**PROBLEM**. Without the pictures, print each of the records below exactly as it appears.

**INPUT RECORDS**.
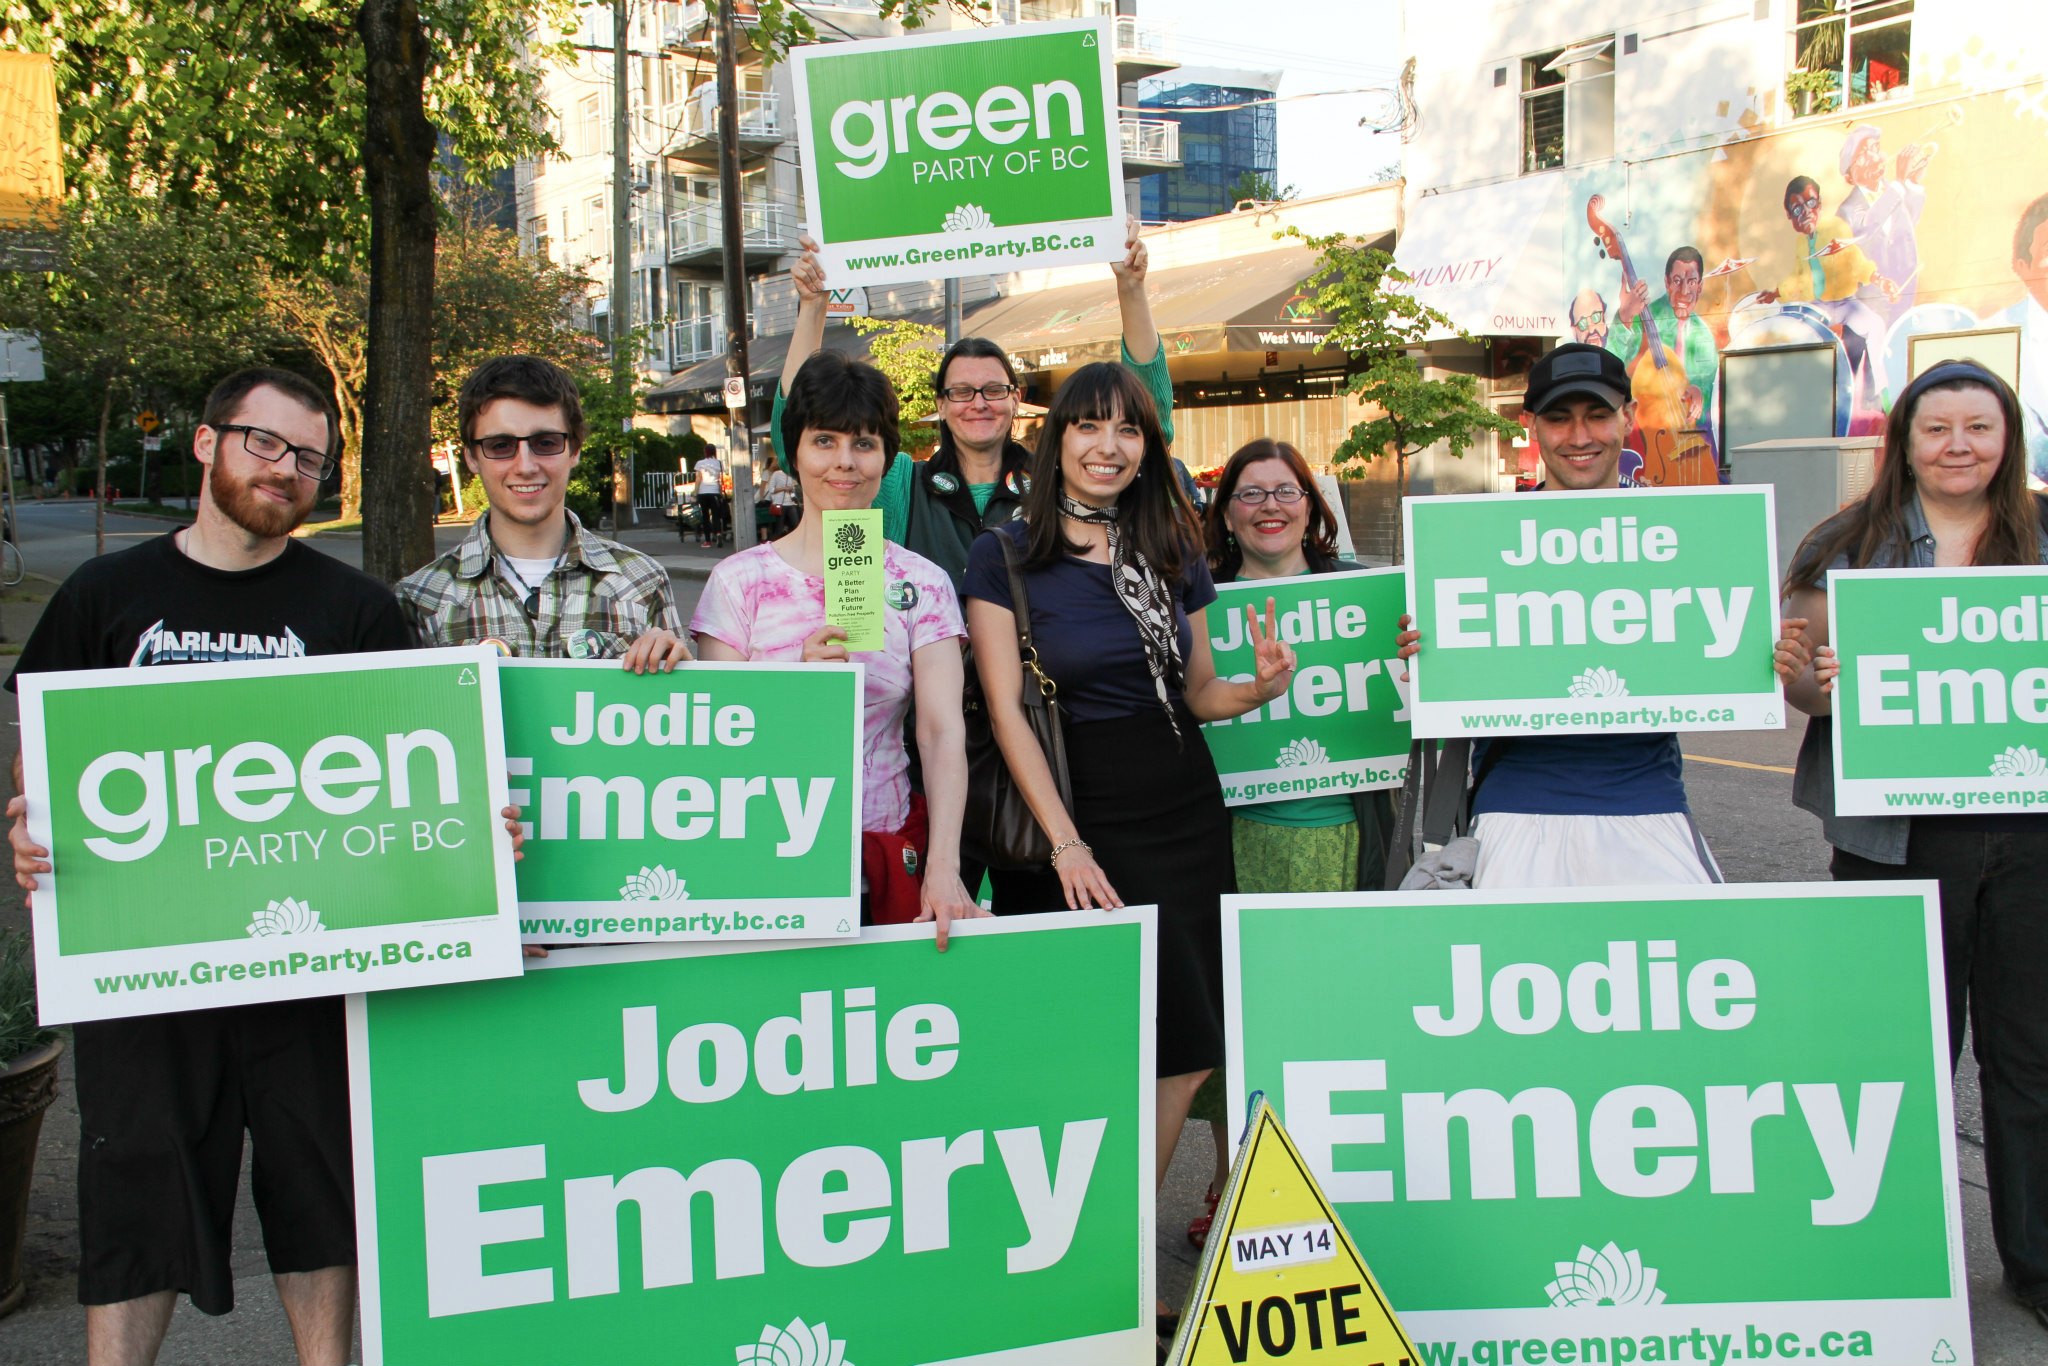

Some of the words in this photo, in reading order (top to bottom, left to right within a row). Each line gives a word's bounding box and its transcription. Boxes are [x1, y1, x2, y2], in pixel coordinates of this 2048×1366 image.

[830, 79, 1085, 180] green
[913, 157, 996, 184] PARTY
[1004, 152, 1043, 175] OF
[1052, 145, 1090, 170] BC
[846, 235, 1094, 271] www.GreenParty.BC.ca
[1258, 331, 1289, 345] West
[1494, 315, 1556, 330] QMUNITY
[1040, 347, 1068, 367] arket
[828, 555, 872, 570] green
[1500, 517, 1678, 567] Jodie
[129, 619, 306, 667] MARIJUANA
[1434, 578, 1754, 658] Emery
[1857, 654, 2048, 726] Eme
[551, 691, 756, 747] Jodie
[1461, 705, 1735, 731] www.greenparty.bc.ca
[77, 729, 460, 863] green
[205, 829, 328, 870] PARTY
[343, 823, 396, 858] OF
[412, 818, 467, 852] BC
[95, 937, 472, 995] www.GreenParty.BC.ca
[1413, 939, 1757, 1037] Jodie
[577, 986, 960, 1113] Jodie
[1283, 1060, 1904, 1226] Emery
[422, 1117, 1108, 1317] Emery
[1236, 1233, 1293, 1262] MAY
[1303, 1228, 1331, 1252] 14
[1214, 1283, 1368, 1364] VOTE
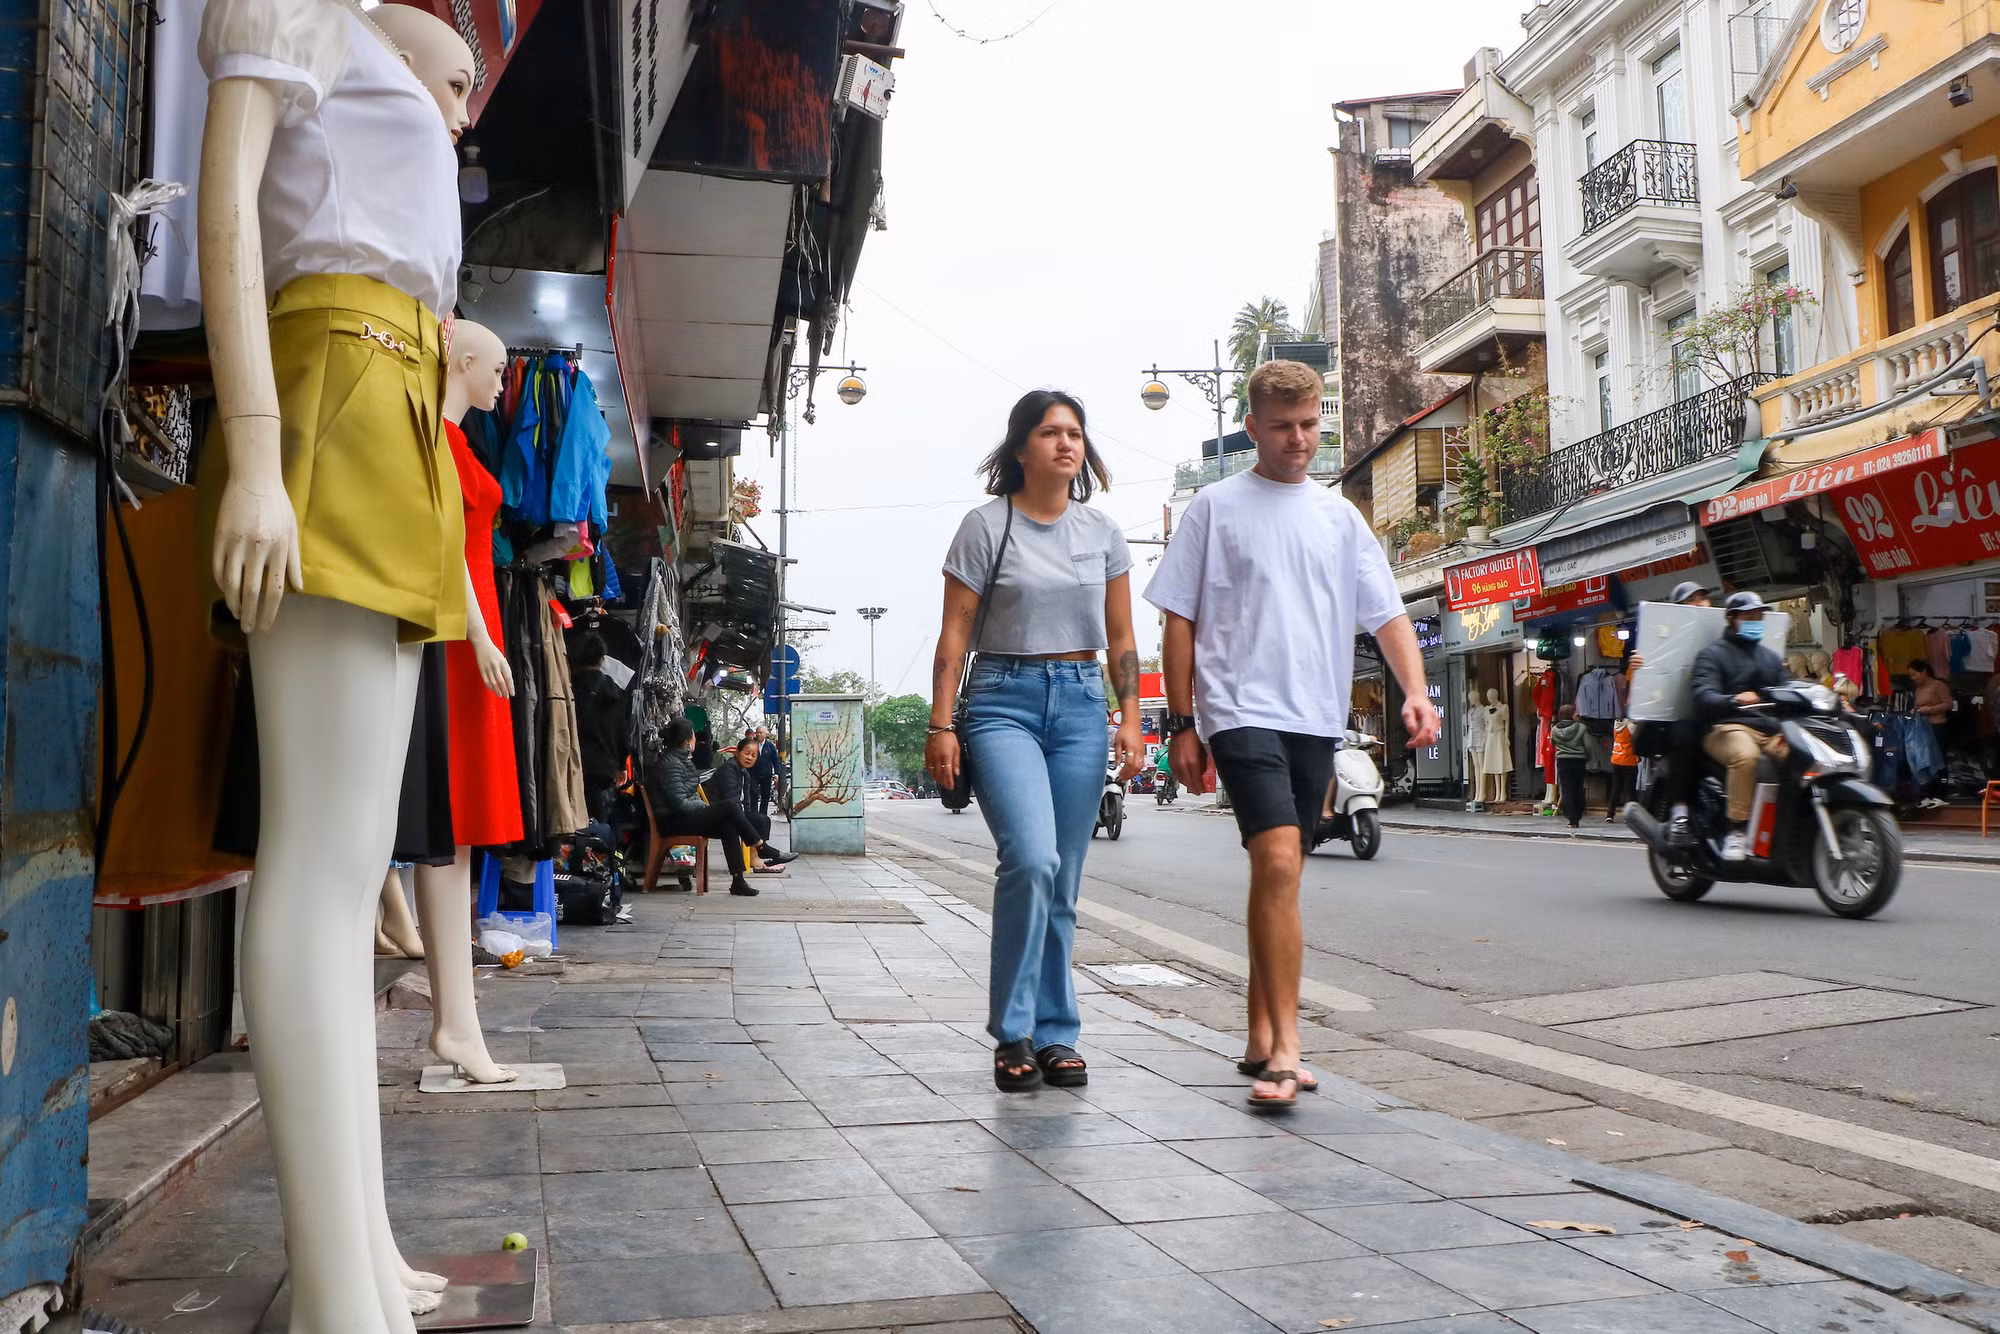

**RESPONSE TO THIS EXERCISE**.
Some of the words in this photo, in reading order (top to bottom, left to right within a row). Each line gives a word's bounding box and its transcription. Boxes are [x1, y1, x2, y2], in pixel coordinates of this 2048×1366 image.

[830, 79, 1085, 180] green
[913, 157, 996, 184] PARTY
[1004, 152, 1043, 175] OF
[1052, 145, 1090, 170] BC
[846, 235, 1094, 271] www.GreenParty.BC.ca
[1258, 331, 1289, 345] West
[1494, 315, 1556, 330] QMUNITY
[1040, 347, 1068, 367] arket
[828, 555, 872, 570] green
[1500, 517, 1678, 567] Jodie
[129, 619, 306, 667] MARIJUANA
[1434, 578, 1754, 658] Emery
[1857, 654, 2048, 726] Eme
[551, 691, 756, 747] Jodie
[1461, 705, 1735, 731] www.greenparty.bc.ca
[77, 729, 460, 863] green
[205, 829, 328, 870] PARTY
[343, 823, 396, 858] OF
[412, 818, 467, 852] BC
[95, 937, 472, 995] www.GreenParty.BC.ca
[1413, 939, 1757, 1037] Jodie
[577, 986, 960, 1113] Jodie
[1283, 1060, 1904, 1226] Emery
[422, 1117, 1108, 1317] Emery
[1236, 1233, 1293, 1262] MAY
[1303, 1228, 1331, 1252] 14
[1214, 1283, 1368, 1364] VOTE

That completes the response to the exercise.